Мир потух. Мир потух.

Мир зарезан. Он петух.

Одна из излюбленных тем поэзии обэриутов — исчезновение моделирующих мир категорий, например, категории времени, которое либо уничтожается людьми (стихотворение Заболоцкого «Время» (1933); тот же мотив — в «Кругом возможно Бог» Введенского (1931)), либо не выступает для них как схватываемое, ускользает от них (стихотворение Хармса «Третья цисфинитная логика бесконечного небытия» (1930)):

Вот час всегда только был, а теперь только полчаса.

Нет полчаса всегда только было, а теперь только четверть часа.

Нет четверть часа всегда только было, а теперь только восьмушка часа.

Нет все части часа всегда только были, а теперь их нет.

Вот час.

Вот час.

Вот час всегда Только был.[625]

Сущее в другом стихотворении Хармса подразделено на противоположные области (живая природа/неживая природа, женское/мужское), предикатами которых служат, однако, звукоподражания, обессмысливающие классификацию:

Все все деревья пиф

все все каменья паф

вся вся природа пуф

Все все девицы пиф

все все мужчины паф

вся вся женитьба пуф.

(2,5)

Вариант обсуждаемого приема Хармса — такое построение стихотворного текста, которое демонстрирует пропажу референции за счет вырождения связной речи в асемантические квазислова, обычно составленные из тех же звуков, что и начало высказывания:

Турка скачет над рекой

милый турка дорогой

летом гром

зимою снег в полдень чирки

кур кир кар.

(2, 48–49)

Между тем у Хлебникова сопоставимое с этим развертывание текста, напротив, привносило в, казалось бы, асемантическое звукосочетание некоторое значение, как, например, в знаменитом стихотворении «Бобэоби пелись губы…» (повтор губного «б» в заумном слове делается, как уже отмечалось до нас, изобразительным в связи с темой артикулирующего органа).

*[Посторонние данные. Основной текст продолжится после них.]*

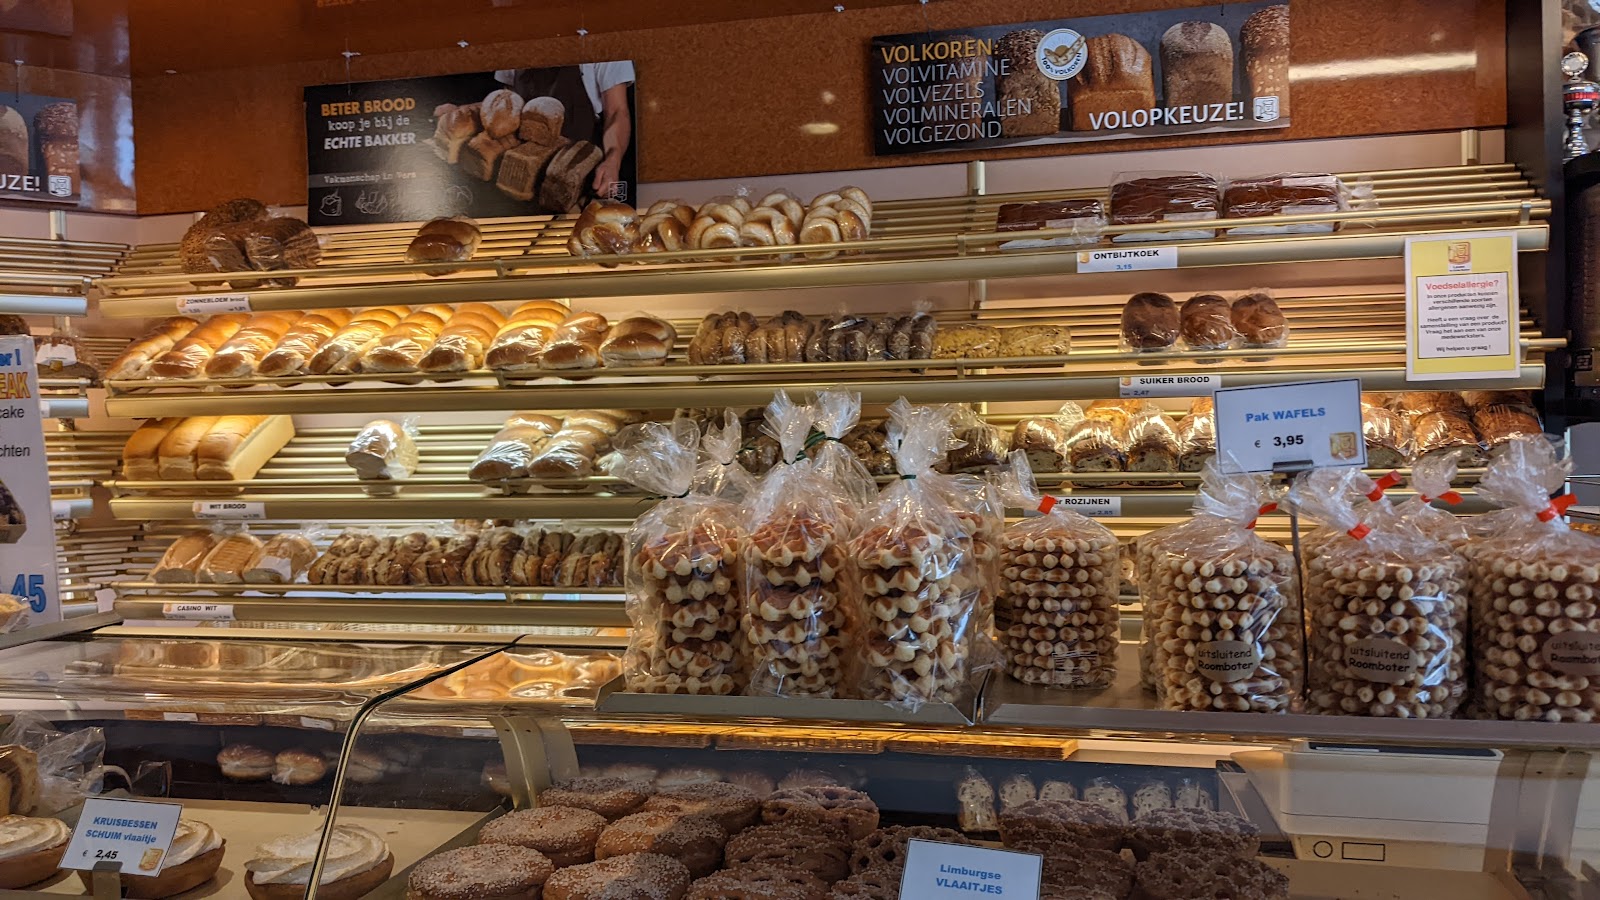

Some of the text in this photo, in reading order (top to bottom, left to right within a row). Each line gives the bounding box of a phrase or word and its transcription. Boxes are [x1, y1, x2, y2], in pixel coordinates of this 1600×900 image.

[881, 38, 999, 64] VOLKOREN:
[882, 58, 1011, 85] VOLVITAMINE
[883, 81, 985, 105] VOLVEZELS
[321, 97, 416, 116] BETER BROOD
[883, 98, 1031, 125] VOLMINERALEN
[1089, 101, 1244, 130] VOLOPKEUZE!
[328, 115, 410, 132] koop je bij de
[884, 121, 1002, 145] VOLGEZOND
[324, 133, 416, 150] ECHTE BAKKER
[1094, 250, 1159, 259] ONTBIJTKOEK
[1425, 280, 1499, 290] Voedselallergie?
[1245, 408, 1326, 422] Pak WAFELS
[1254, 435, 1304, 448] € 3,95
[1199, 647, 1252, 659] uitsluitend
[1350, 647, 1409, 660] uitsluitend
[1198, 661, 1253, 671] Roomboter
[1349, 658, 1410, 672] Roomboter
[93, 816, 159, 829] KRUISBESSEN
[85, 829, 156, 844] SCHUIM vlaaitje
[95, 849, 119, 860] 2,45
[940, 864, 1002, 880] Limburgse
[936, 878, 1003, 895] VLAAITJES

Человеческое тело описывается в прозе Хармса как разрываемое на части или как вообще не имеющееся в наличии (ср. цитированный рассказ о «рыжем человеке»). «Бестелесность» составляет характеристику и одного из героев пьесы Введенского «Минин и Пожарский». В рассказе прозаика-обэриута Ю. Владимирова «Физкультурник» (между 1929–30 гг.) герой наделяется способностью проходить сквозь стены, так что и субъекту, и объектам вменяется здесь способность терять их материальность.

Идея отсутствующей реальности подчиняла себе и поэтику сценического поведения обэриутов. Один из организаторов вечера «Три левых часа», устроенного группой в январе 1928 г. в ленинградском Доме печати, И. Бахтерев так вспоминает (в передаче М. Б. Мейлаха) об участии в этом представлении моряка Кропачева:

…когда ведущий объявил его выступление, на сцену Дома печати никто не вышел, но на углу Невского и Садовой начал читать свои стихотворения объявленный поэт. По истечении отведенного Кропачеву времени на сцену вышел ведущий и объявил следующего…[626]

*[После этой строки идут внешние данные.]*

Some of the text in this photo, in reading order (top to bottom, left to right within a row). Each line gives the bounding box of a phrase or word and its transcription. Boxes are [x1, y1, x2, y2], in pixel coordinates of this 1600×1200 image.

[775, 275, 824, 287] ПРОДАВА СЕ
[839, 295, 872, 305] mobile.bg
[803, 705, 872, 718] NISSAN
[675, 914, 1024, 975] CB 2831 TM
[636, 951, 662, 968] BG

3.1.3. Мир делается чем-то при условии, если он не стал значением знака, референтным миром, в каковой его неизбежно превращает человеческая деятельность — мыслительная и коммуникативная. Согласно определению Хармса, «…сущим значением предмет обладает только вне человека»[627].

Пытаясь познать мир, сделать объекты значащими, человек уничтожает их («Таракан» Олейникова); познание равно смерти («Окно» Хармса, 1931). Как полагал Заболоцкий («Лицо коня», 1926), дар слова должен быть отобран у человека и передан животным с тем, чтобы они, выразив себя, исправили бы то искаженное представление об их сущности, которое усвоено людьми:

И если б человек увидел

Лицо волшебное коня,

Он вырвал бы язык бессильный свой

И отдал бы коню.[628]

Заболоцкий не просто сочувствует страдающему объекту, как это делал Хлебников в «Зверинце», но и требует наказания субъекта, полемизируя при этом заодно и с пушкинским «Пророком», где «вырывание грешного языка» не кара за ложное мировидение, как в «Лице коня», но предпосылка получения человеком провидческого дара.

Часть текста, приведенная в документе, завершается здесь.